◆ What to work on
In the copy, include every entry exactly but none of its images.

++++

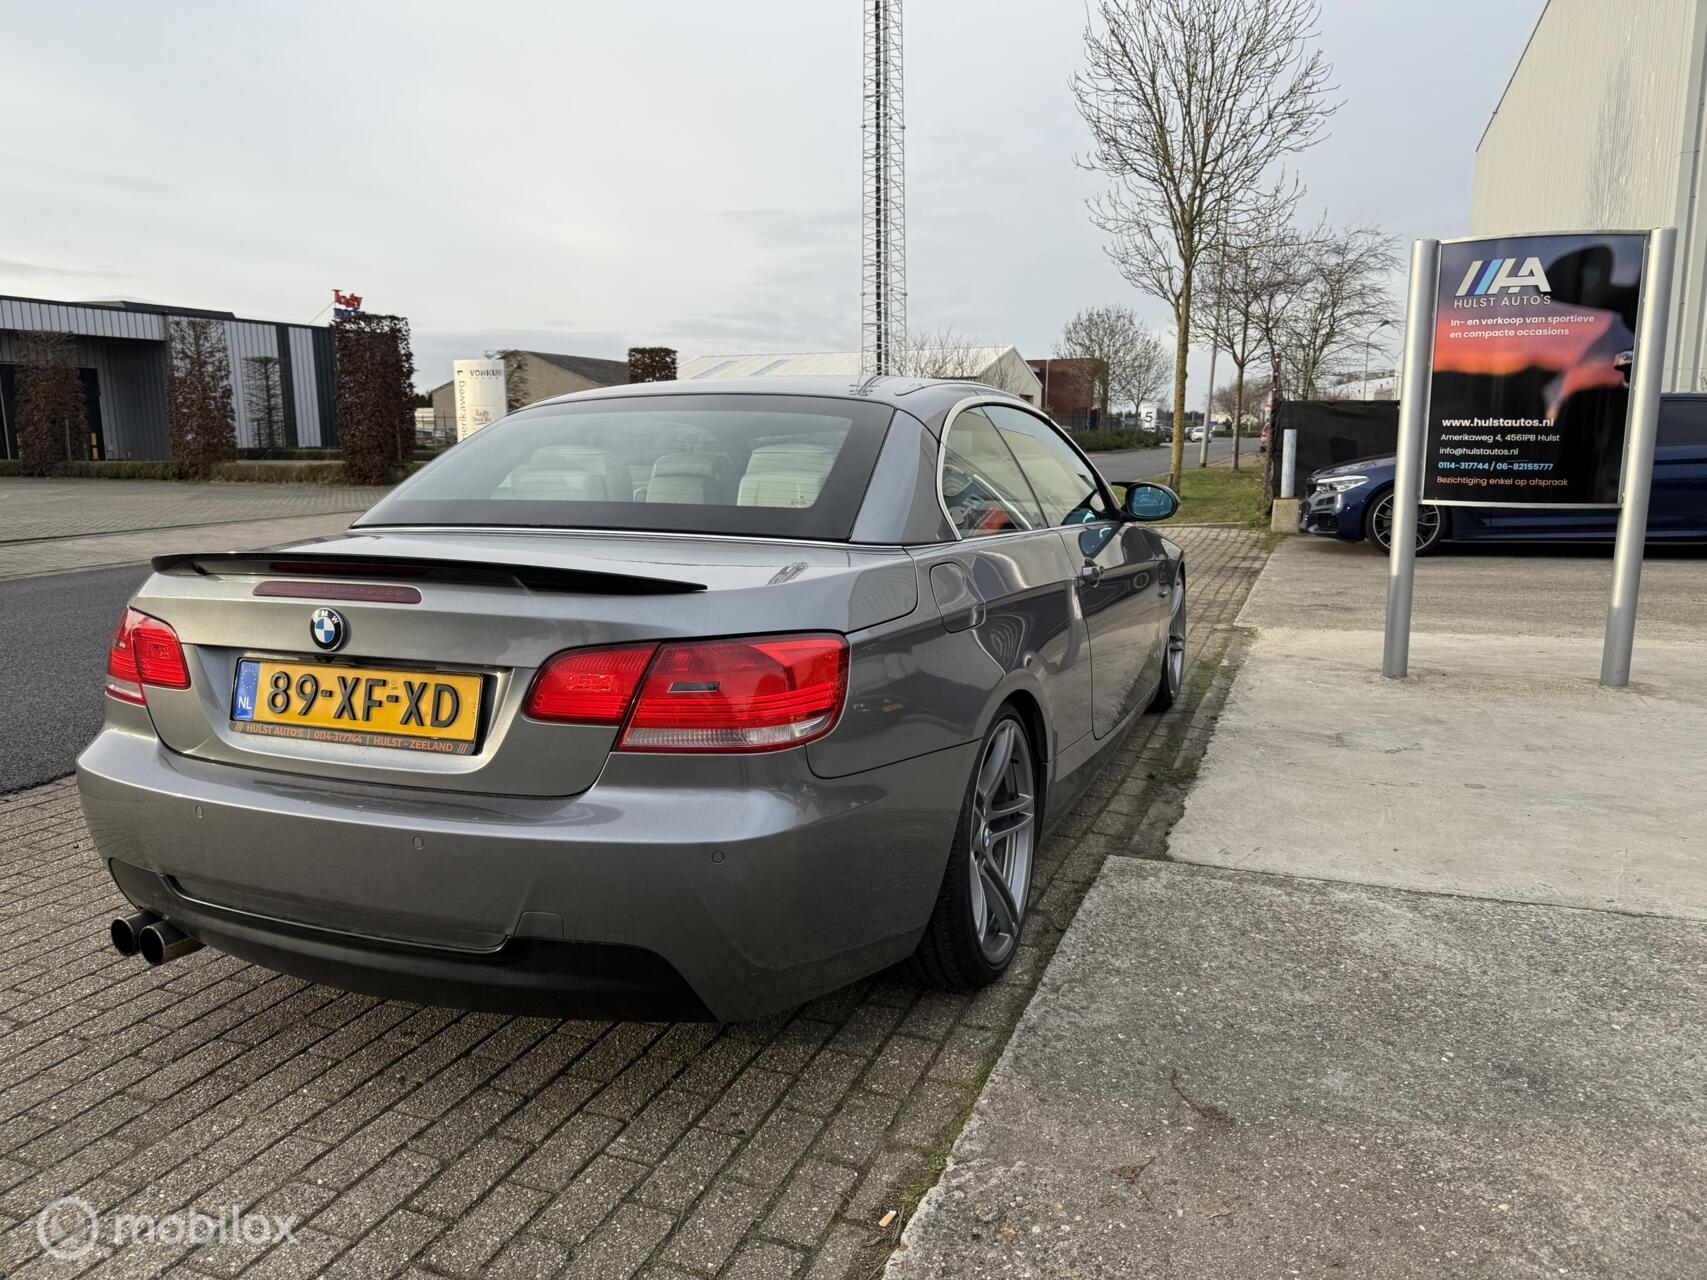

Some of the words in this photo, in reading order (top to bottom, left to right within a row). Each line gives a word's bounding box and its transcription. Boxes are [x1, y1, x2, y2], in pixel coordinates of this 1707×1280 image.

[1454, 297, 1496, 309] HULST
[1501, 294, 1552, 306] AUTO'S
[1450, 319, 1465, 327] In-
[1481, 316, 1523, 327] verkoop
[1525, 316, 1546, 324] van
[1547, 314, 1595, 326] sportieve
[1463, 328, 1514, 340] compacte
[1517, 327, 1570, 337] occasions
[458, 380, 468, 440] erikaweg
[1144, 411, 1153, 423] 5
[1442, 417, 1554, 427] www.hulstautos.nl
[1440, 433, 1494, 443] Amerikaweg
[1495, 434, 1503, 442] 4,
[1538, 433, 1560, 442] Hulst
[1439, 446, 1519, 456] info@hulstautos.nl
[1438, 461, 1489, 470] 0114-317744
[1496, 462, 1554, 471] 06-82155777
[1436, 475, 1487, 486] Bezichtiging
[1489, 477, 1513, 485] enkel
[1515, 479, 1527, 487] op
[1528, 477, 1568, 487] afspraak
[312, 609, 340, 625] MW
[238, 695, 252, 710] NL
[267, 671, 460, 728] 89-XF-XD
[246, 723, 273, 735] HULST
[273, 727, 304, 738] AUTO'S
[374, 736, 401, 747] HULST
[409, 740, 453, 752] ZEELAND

++++

◆ Solution below
Some of the words in this photo, in reading order (top to bottom, left to right within a row). Each line gives a word's bounding box and its transcription. Boxes are [x1, y1, x2, y2], in pixel coordinates of this 1707×1280 image.

[1454, 297, 1496, 309] HULST
[1501, 294, 1552, 306] AUTO'S
[1450, 319, 1465, 327] In-
[1481, 316, 1523, 327] verkoop
[1525, 316, 1546, 324] van
[1547, 314, 1595, 326] sportieve
[1463, 328, 1514, 340] compacte
[1517, 327, 1570, 337] occasions
[458, 380, 468, 440] erikaweg
[1144, 411, 1153, 423] 5
[1442, 417, 1554, 427] www.hulstautos.nl
[1440, 433, 1494, 443] Amerikaweg
[1495, 434, 1503, 442] 4,
[1538, 433, 1560, 442] Hulst
[1439, 446, 1519, 456] info@hulstautos.nl
[1438, 461, 1489, 470] 0114-317744
[1496, 462, 1554, 471] 06-82155777
[1436, 475, 1487, 486] Bezichtiging
[1489, 477, 1513, 485] enkel
[1515, 479, 1527, 487] op
[1528, 477, 1568, 487] afspraak
[312, 609, 340, 625] MW
[238, 695, 252, 710] NL
[267, 671, 460, 728] 89-XF-XD
[246, 723, 273, 735] HULST
[273, 727, 304, 738] AUTO'S
[374, 736, 401, 747] HULST
[409, 740, 453, 752] ZEELAND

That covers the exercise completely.